La conferenza stampa di presentazione della 69^ edizione del Festival, ha scatenato giorno fa un vero e proprio caso Sanremo.

Il direttore artistico aveva espresso parole dure sulla situazione italiana in merito agli immigrati:

C’è anche un problema di ordine intellettuale: viviamo in un paese incattivito, rancoroso, nei confronti di chi non è piacevole, non ci è amico.

Dichiarazioni che hanno generato sia critiche che commenti solidali a Claudio Baglioni sul caso Sanremo tra cui la posizione chiara di Codancons per voce del presidente Rienzi

Non accetteremo in nessun caso che il festival di sanremo si trasformi in una tribuna politica per influenzare i telespettatori verso questo o quel partito.

Siamo d’accordo con i richiami giunti dai vertici Rai, perché la rete televisiva e lo stesso festival non possono essere strumento per diffondere le proprie idee politiche o influenzare i telespettatori.

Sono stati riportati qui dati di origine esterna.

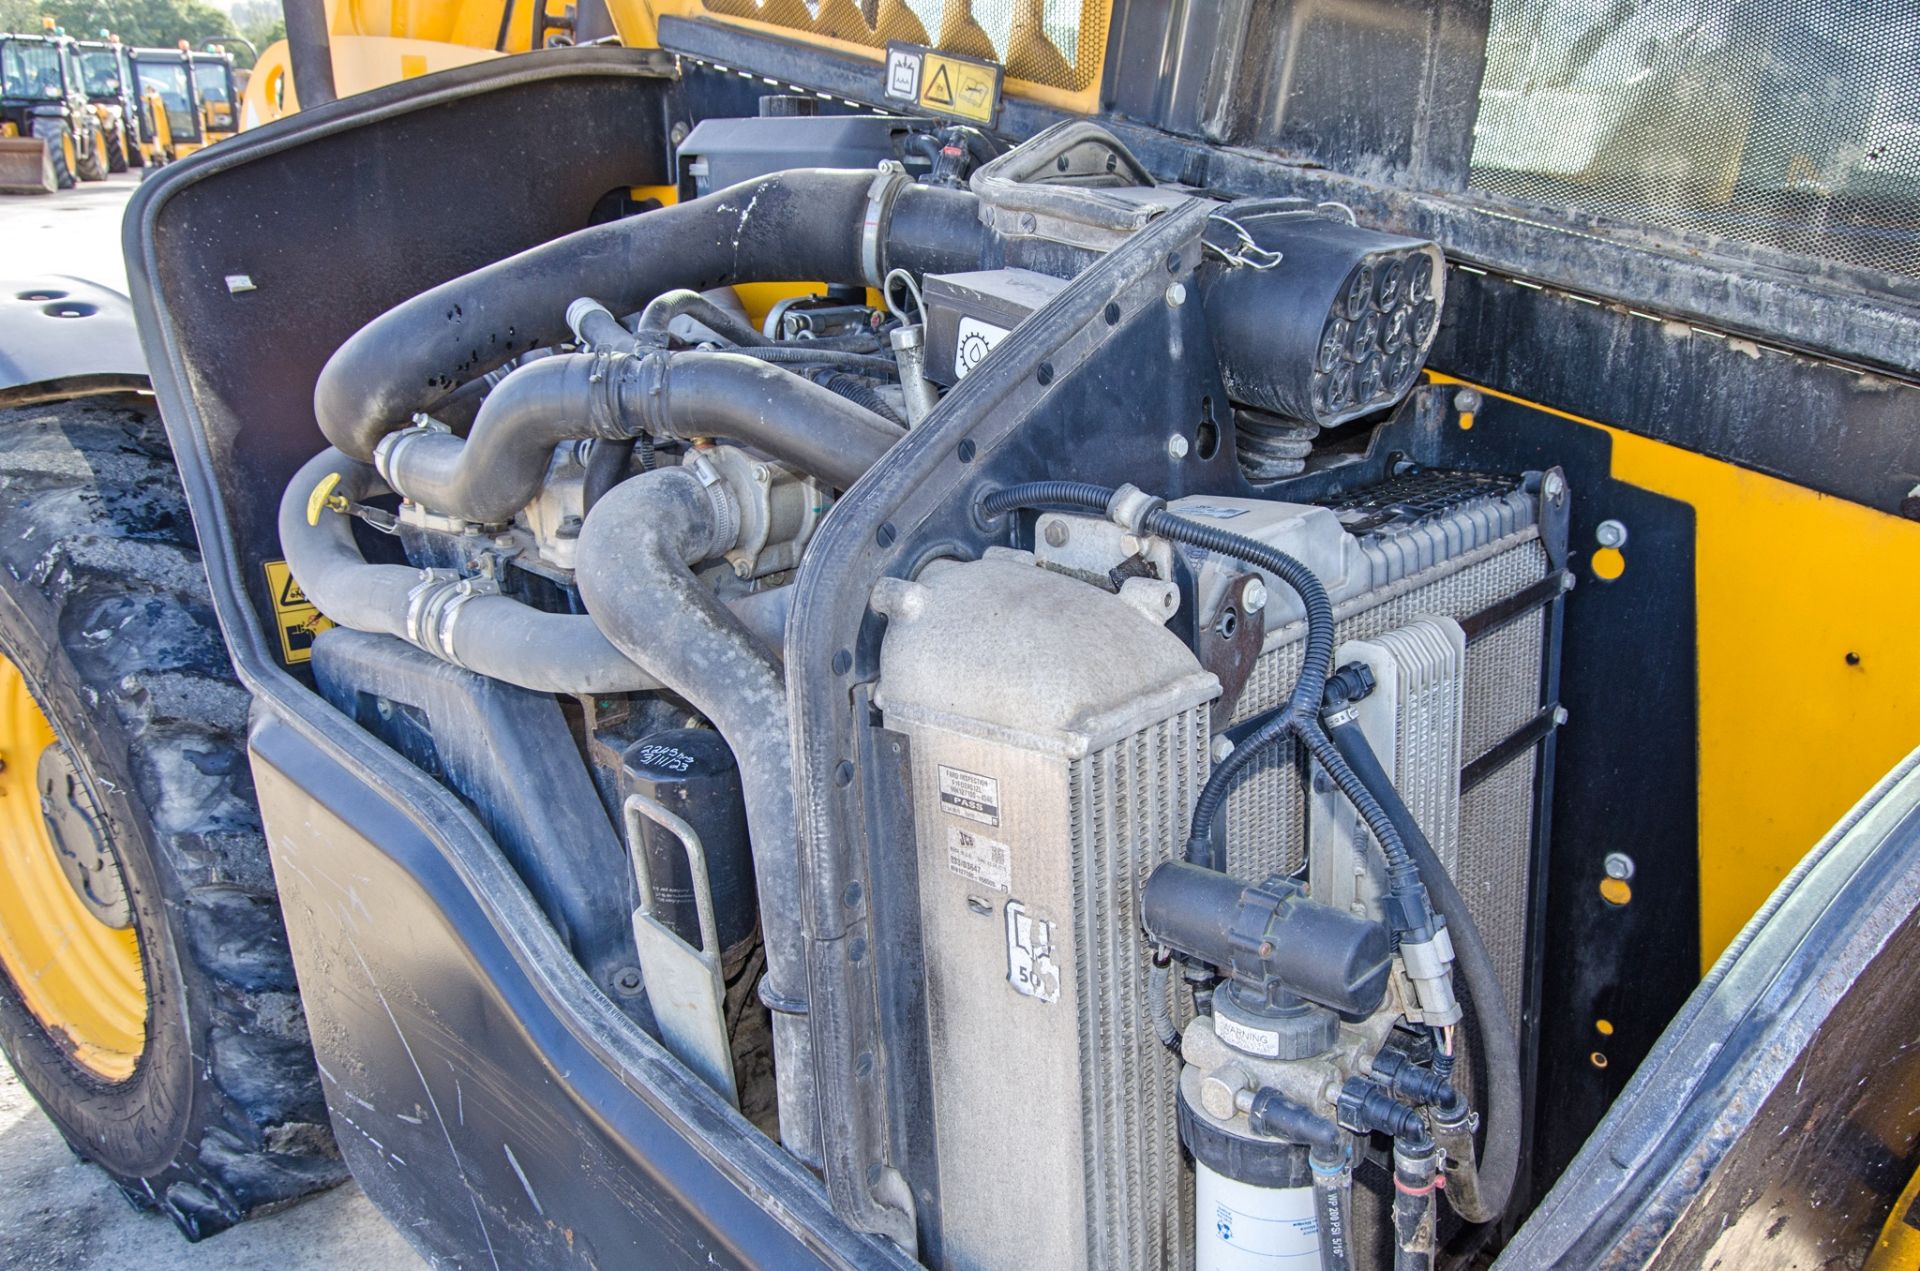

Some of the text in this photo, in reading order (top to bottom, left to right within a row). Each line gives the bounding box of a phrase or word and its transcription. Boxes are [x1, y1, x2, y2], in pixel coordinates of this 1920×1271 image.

[953, 797, 984, 811] PASS
[1327, 1193, 1338, 1206] WP
[1330, 1222, 1341, 1236] PSI

Non si tratta di censura né di una limitazione della satira la quale, tuttavia, non può andare in una sola direzione e non può essere a senso unico contro una sola parte politica.

Se durante l’evento televisivo saranno violate le disposizioni vigenti in materia, presenteremo una denuncia immediata all’Agcom, e la rai rischia una multa salatissima che non esiteremo a richiedere.

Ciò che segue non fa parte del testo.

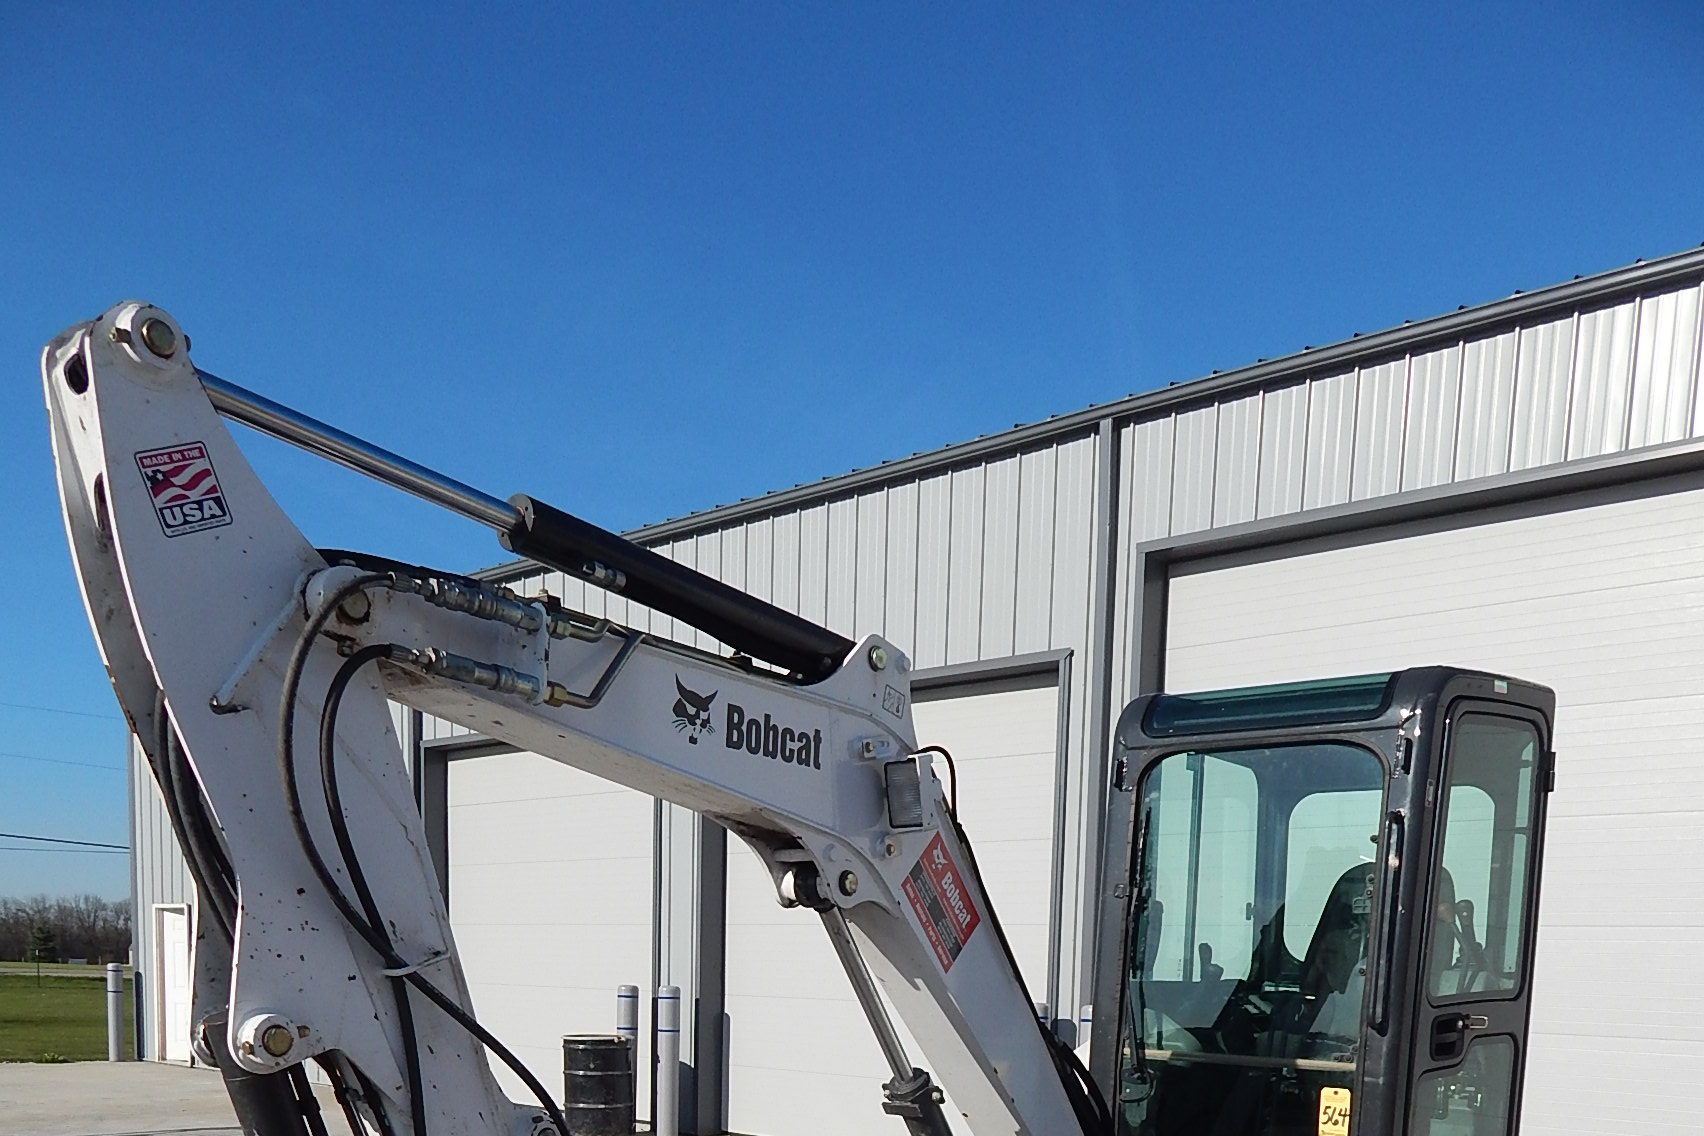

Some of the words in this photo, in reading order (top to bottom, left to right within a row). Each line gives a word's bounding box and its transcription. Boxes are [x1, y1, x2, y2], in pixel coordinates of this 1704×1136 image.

[142, 454, 170, 467] MADE
[172, 451, 183, 461] IN
[184, 448, 202, 459] THE
[162, 499, 224, 528] USA
[725, 702, 822, 771] Bobcat
[941, 871, 972, 929] Bobcat
[1321, 1105, 1351, 1128] 564

Tra i detrattori di Baglioni il presidente del Consiglio regionale della Liguria, Alessandro Piana:

Un artista può esprimere il suo pensiero come chiunque altro, ma quando viene pagato con soldi pubblici per fare l’artista dovrebbe attenersi solo a quello, evitando di approfittare della sua posizione per fare comizi politici a sproposito.

Caso Sanremo, gli artisti tutti pro Baglioni. Tra essi Ermal Meta, Luca Barbarossa ed Emma

Meta attraverso La Stampa ha affermato:

Un uomo di buon senso, sui migranti ha detto solo cose giuste e condivisibili.

Luca Barbarossa:

Davvero nel 2019 in Italia siamo ridotti a dover specificare che ognuno può dire ciò che pensa, a prescindere dal mestiere che fa.

Emma:

Noi facciamo questo mestiere non vuol dire che non abbiamo i nostri personali pensieri. E dobbiamo poterli esprimere liberamente.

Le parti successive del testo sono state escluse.